Nota importante sobre la sal
Con 600 g de harina, la cantidad habitual para la masa serían 12 g de sal. Sin embargo, hay que tener en cuenta que los 200 ml de aceite que se incorporan a la masa proceden del confitado del bacalao.
Aunque el aceite en sí no disuelve bien la sal, fray Ángel explica en el vídeo que en ese aceite queda buena parte de la gelatina que suelta el pescado, y él mismo comenta que el bacalao estaba "rozando el límite de la sal".
Esa fase acuosa y gelatinosa que se mezcla con el aceite sí aporta salinidad.

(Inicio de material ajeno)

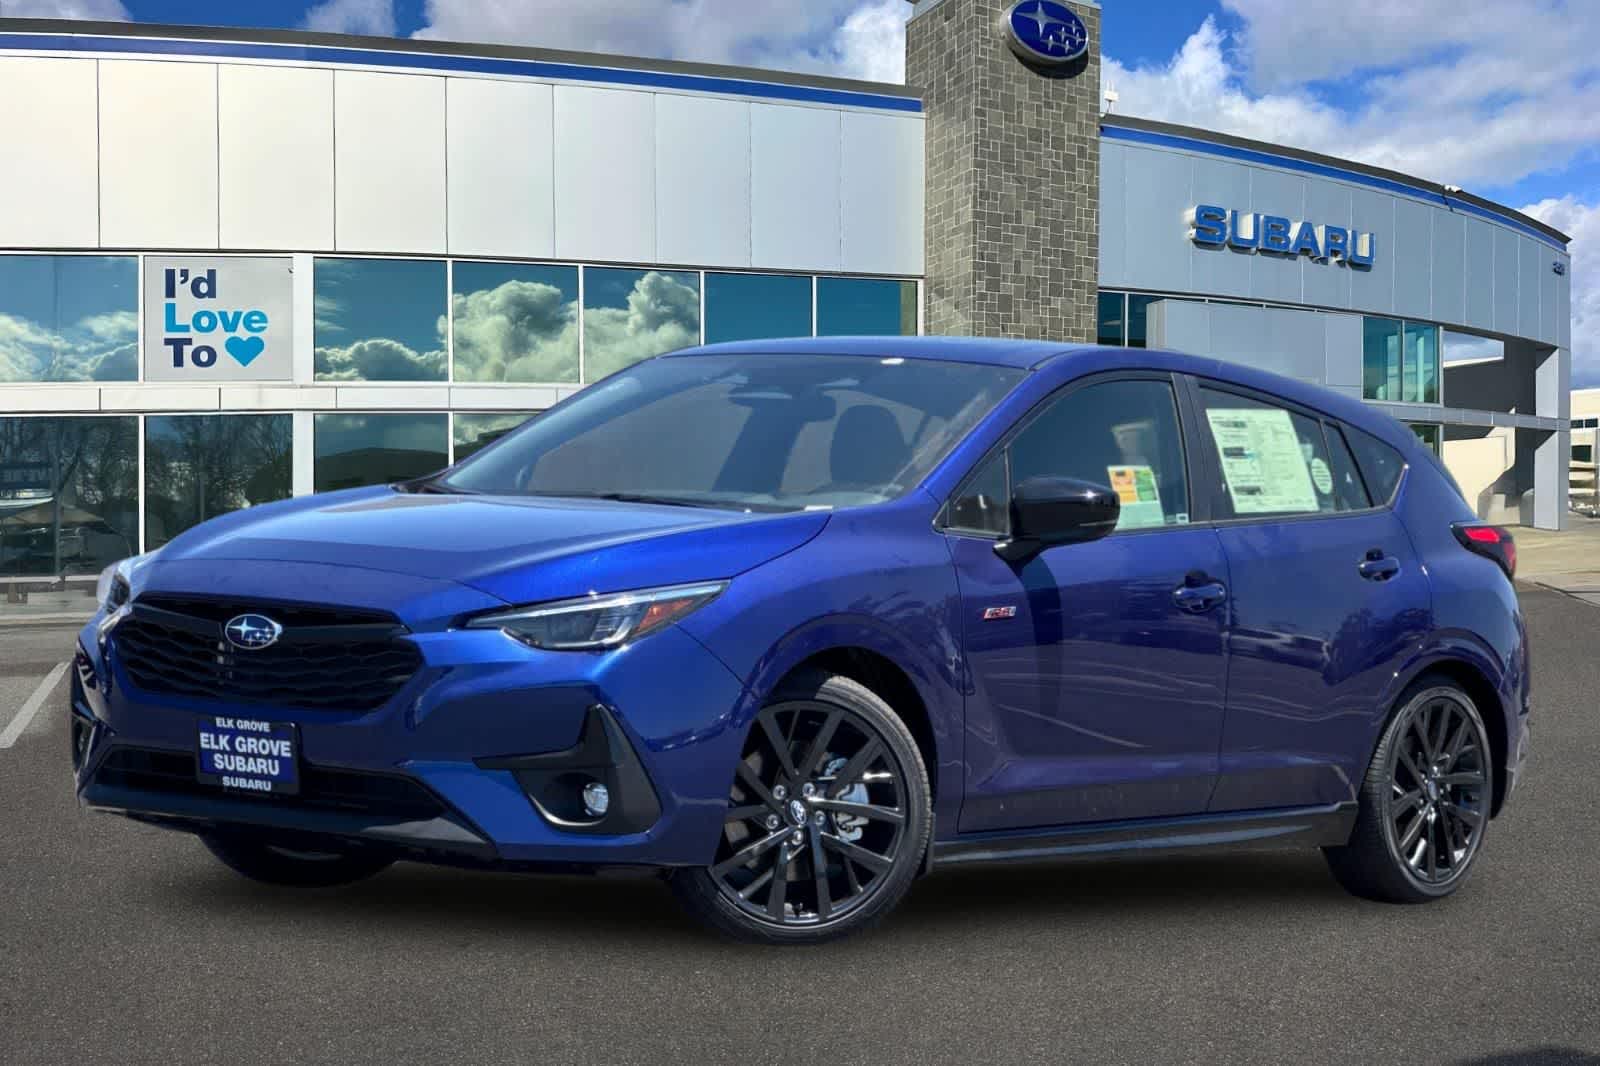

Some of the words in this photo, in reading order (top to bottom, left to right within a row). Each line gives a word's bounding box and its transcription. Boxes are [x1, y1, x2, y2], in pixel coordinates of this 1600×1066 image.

[1192, 204, 1375, 271] SUBARU
[165, 303, 268, 333] Love
[164, 338, 217, 368] To
[216, 717, 234, 728] ELK
[237, 720, 270, 732] GROVE
[200, 732, 230, 751] ELK
[235, 735, 291, 757] GROVE
[214, 753, 279, 775] SUBARU
[223, 776, 271, 791] SUBARU
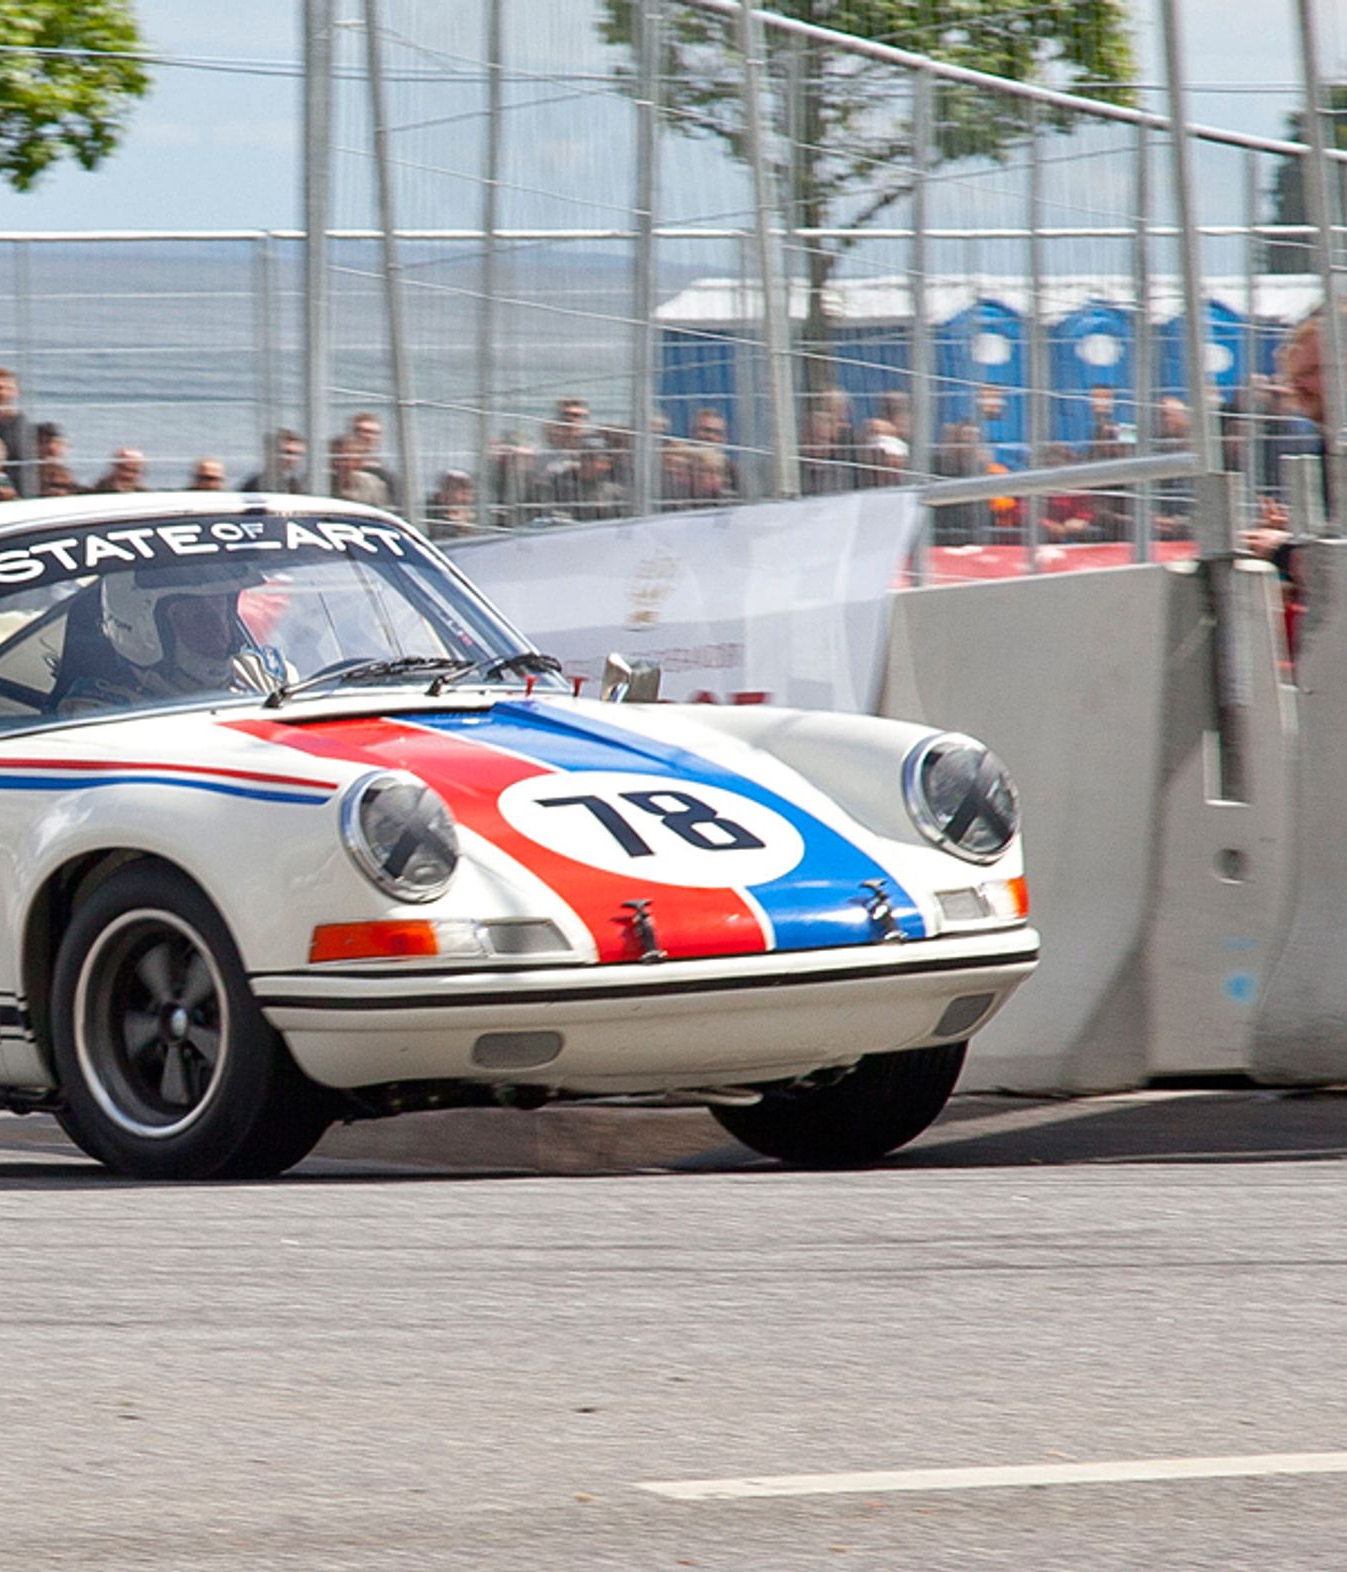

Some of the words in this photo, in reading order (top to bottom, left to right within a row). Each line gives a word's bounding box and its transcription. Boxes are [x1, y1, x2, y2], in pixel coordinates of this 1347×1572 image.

[210, 522, 264, 541] OF
[286, 521, 405, 557] ART
[532, 790, 766, 857] 78

Una reducción de entre un 25 % y un 30 % respecto a los 12 gramos sería razonable, lo que nos dejaría con 8-10 g de sal (aproximadamente una cucharadita rasa).
Con esa cantidad la masa tendrá suficiente sal para no quedar insípida, pero sin riesgo de pasarnos si el aceite del confitado ya viene cargado de sabor salado.
En cualquier caso, como siempre que se trabaja con bacalao desalado, lo más prudente es probar una gota del aceite antes de amasar y ajustar a partir de ahí; si el aceite sabe claramente salado, mejor quedarse en los 8 gramos y, si apenas tiene sal, subir hasta los 10 gramos.